● **Work instructions**: Give back the line in the listing below that contains "this 1000×1500 image." and all remaining lines, retyped exactly, through the last line.

========================

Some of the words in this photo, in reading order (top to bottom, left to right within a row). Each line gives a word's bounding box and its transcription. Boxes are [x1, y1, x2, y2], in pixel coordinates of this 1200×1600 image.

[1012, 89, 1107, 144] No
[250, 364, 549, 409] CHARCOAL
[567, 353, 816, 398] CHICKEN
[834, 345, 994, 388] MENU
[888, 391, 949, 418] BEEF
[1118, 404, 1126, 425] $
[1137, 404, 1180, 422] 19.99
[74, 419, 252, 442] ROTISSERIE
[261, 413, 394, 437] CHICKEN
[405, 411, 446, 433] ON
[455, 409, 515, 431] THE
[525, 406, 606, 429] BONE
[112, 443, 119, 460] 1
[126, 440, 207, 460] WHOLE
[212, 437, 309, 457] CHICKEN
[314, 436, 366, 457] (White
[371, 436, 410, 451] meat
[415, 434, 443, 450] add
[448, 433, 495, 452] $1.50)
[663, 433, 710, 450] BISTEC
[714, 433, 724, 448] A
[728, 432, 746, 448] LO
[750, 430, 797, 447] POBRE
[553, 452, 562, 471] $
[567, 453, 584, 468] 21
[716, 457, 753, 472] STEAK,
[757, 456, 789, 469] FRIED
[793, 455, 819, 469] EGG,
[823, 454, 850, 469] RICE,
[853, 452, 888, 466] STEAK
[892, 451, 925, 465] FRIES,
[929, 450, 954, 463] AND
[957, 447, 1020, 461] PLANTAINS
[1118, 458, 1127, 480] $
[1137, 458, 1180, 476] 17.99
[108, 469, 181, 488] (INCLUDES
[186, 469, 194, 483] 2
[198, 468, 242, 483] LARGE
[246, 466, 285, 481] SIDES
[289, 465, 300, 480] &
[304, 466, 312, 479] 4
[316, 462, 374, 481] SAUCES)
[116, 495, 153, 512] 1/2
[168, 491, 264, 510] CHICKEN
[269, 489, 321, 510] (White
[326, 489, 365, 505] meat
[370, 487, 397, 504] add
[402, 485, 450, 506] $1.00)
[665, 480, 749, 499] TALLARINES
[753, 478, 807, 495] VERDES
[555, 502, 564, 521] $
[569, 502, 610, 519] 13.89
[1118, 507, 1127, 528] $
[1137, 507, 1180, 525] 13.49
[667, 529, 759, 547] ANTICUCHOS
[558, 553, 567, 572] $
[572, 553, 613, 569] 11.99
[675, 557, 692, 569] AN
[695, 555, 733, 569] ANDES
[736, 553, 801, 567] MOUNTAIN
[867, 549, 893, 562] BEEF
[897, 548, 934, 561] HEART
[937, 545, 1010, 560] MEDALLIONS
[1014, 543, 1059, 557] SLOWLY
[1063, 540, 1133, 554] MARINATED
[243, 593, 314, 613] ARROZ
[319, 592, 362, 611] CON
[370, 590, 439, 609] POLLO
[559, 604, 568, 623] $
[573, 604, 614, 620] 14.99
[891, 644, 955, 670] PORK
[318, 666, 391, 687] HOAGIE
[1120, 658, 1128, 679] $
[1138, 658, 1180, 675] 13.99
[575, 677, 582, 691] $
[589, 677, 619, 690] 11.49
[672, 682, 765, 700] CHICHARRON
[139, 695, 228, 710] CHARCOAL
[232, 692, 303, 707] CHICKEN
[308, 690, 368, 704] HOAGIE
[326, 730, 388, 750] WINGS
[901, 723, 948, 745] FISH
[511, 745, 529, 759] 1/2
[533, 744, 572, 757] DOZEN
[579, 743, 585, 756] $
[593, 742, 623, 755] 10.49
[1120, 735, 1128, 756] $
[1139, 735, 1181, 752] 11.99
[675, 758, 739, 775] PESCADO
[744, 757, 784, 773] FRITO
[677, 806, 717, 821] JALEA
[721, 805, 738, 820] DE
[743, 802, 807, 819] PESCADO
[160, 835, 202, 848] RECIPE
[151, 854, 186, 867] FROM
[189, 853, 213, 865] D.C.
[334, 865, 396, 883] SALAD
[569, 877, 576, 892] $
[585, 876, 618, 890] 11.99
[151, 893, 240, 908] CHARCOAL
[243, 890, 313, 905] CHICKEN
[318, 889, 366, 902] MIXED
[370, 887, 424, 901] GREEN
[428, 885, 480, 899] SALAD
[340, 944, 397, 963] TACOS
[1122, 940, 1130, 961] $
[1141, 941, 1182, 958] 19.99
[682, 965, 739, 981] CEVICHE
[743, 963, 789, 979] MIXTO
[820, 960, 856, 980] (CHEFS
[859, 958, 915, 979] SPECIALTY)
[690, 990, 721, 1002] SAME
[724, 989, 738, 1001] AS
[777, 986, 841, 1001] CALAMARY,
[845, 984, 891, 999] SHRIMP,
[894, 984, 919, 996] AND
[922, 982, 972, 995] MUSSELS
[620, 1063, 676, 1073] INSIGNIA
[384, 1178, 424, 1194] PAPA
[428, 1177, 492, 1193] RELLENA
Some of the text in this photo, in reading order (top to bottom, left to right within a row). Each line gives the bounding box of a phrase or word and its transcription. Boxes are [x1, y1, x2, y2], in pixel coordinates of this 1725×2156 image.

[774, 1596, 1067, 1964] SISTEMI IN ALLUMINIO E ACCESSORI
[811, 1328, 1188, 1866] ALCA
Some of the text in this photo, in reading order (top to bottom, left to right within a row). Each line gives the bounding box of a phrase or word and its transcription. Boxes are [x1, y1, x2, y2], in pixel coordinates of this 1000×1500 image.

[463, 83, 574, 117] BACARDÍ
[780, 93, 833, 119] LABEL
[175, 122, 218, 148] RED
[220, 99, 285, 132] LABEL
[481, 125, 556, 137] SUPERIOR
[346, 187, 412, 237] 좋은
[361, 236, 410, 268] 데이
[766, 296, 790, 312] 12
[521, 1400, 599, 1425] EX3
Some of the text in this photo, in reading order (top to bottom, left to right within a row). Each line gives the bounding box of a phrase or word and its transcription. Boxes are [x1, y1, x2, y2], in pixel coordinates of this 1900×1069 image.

========================

● **Written answer**:
Some of the text in this photo, in reading order (top to bottom, left to right within a row). Each line gives the bounding box of a phrase or word and its transcription. Boxes are [x1, y1, x2, y2], in pixel coordinates of this 1000×1500 image.

[463, 83, 574, 117] BACARDÍ
[780, 93, 833, 119] LABEL
[175, 122, 218, 148] RED
[220, 99, 285, 132] LABEL
[481, 125, 556, 137] SUPERIOR
[346, 187, 412, 237] 좋은
[361, 236, 410, 268] 데이
[766, 296, 790, 312] 12
[521, 1400, 599, 1425] EX3
Some of the text in this photo, in reading order (top to bottom, left to right within a row). Each line gives the bounding box of a phrase or word and its transcription. Boxes are [x1, y1, x2, y2], in pixel coordinates of this 1900×1069 image.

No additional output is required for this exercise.